Uno de esos economistas, considerados como modelo a seguir, es Robert Lucas. Lucas desarrolló lo que hoy se conoce como la teoría de las expectativas racionales, una hipótesis sobre el comportamiento de los agentes económicos, es decir, de las personas que participan en el ámbito económico. Lucas ganó el Premio Nobel en 1995, y se ha caracterizado por recomendar sin cesar la paulatina retirada del Estado social en todo el mundo. Ya durante la crisis económica en España insistió en la necesidad de acabar con el excesivo poder de los sindicatos y en reducir las prestaciones sociales.4 Como eminencia en el mundo económico, la gente suele escucharle y los gobiernos —y sobre todo los organismos internacionales— tienden a aceptar sus propuestas. Quizás por eso tan pocos economistas supieron predecir la última crisis financiera, y es que Robert Lucas dijo en 2003 que el problema de los ciclos económicos estaba resuelto y que ya nunca más habría una depresión económica.5 Casi nada. Pero ¿fue un error casual o es normal que se falle tan estrepitosamente en el análisis?

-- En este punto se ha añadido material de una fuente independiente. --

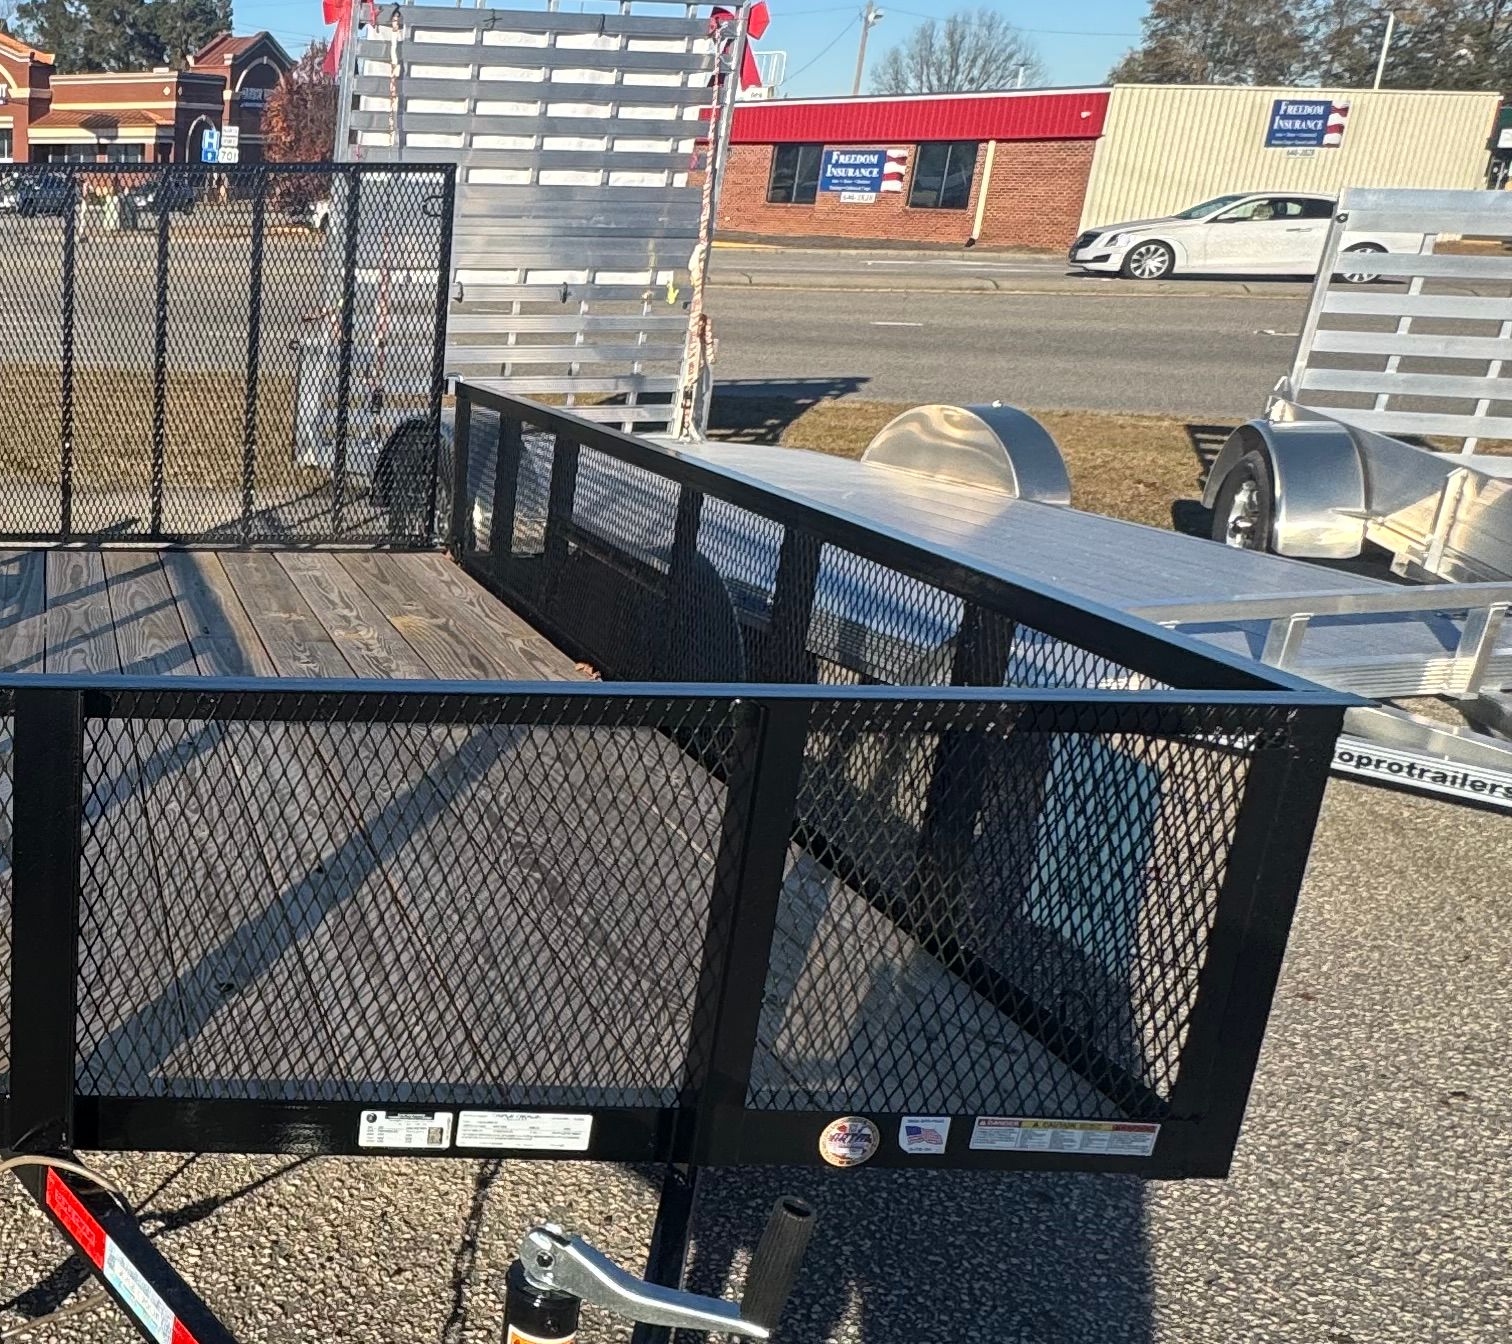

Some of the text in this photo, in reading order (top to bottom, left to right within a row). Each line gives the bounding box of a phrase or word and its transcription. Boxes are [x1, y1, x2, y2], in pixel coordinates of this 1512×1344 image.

A finales de la década de los ochenta un investigador llamado Phillip Tetlock publicó una investigación muy particular. Estudió un total de 28.000 predicciones realizadas por un grupo de 284 economistas y analistas políticos, contrastándolas después con la realidad. El resultado fue bastante ilustrativo: el promedio de acierto había sido similar al de las probabilidades que tenía un chimpancé de ganar a los dados.

En definitiva, las predicciones fallan más que aciertan, las recetas recomendadas por los expertos llegan a ser absolutos fracasos sociales, y países enteros han sucumbido por culpa de sabios economistas que decían no ser ni de izquierdas ni de derechas. Sin ir más lejos, el Fondo Monetario Internacional (FMI) lleva desde 2010 exigiendo a Grecia políticas de ajuste económico a cambio de dinero con el que rescatar sus bancos y mantener al Estado funcionando. Los diferentes gobiernos griegos han ido aplicando todas las exigencias, y sin embargo nada ha mejorado para la economía griega. Todo lo contrario. En el año 2011 el FMI esperaba un nivel del 93,5% sobre el PIB de 2009. Finalmente, en la realidad, fue del 87,2 %. Para 2012 el FMI esperaba un nivel del 94,5 %. Fue del 84,8 %. Para 2013 el FMI esperaba un nivel del 96,5 %. Fue del 77,5 %. Y para 2014 el FMI esperaba un 98,5 %. Fue del 79,4 %. Vamos, que no han dado ni una. Y eso que tenían al país intervenido de cabo a rabo.

En todo caso, conviene preguntarse si todo esto es a causa de que las teorías usadas por los economistas son malas o a causa de que sencillamente la ciencia económica es así de inexacta. Y probablemente sean ambas cosas. En las facultades de economía corre a menudo un chiste que reza así: «¿Cuál es la primera ley de los economistas? Que por cada economista existe uno igual y opuesto. ¿Cuál es la segunda ley de los economistas? Que ambos están equivocados». Estoy convencido de que el lector ha pensado algo parecido al menos alguna vez en su vida, sea viendo los telediarios o manteniendo conversaciones con sus amigos economistas.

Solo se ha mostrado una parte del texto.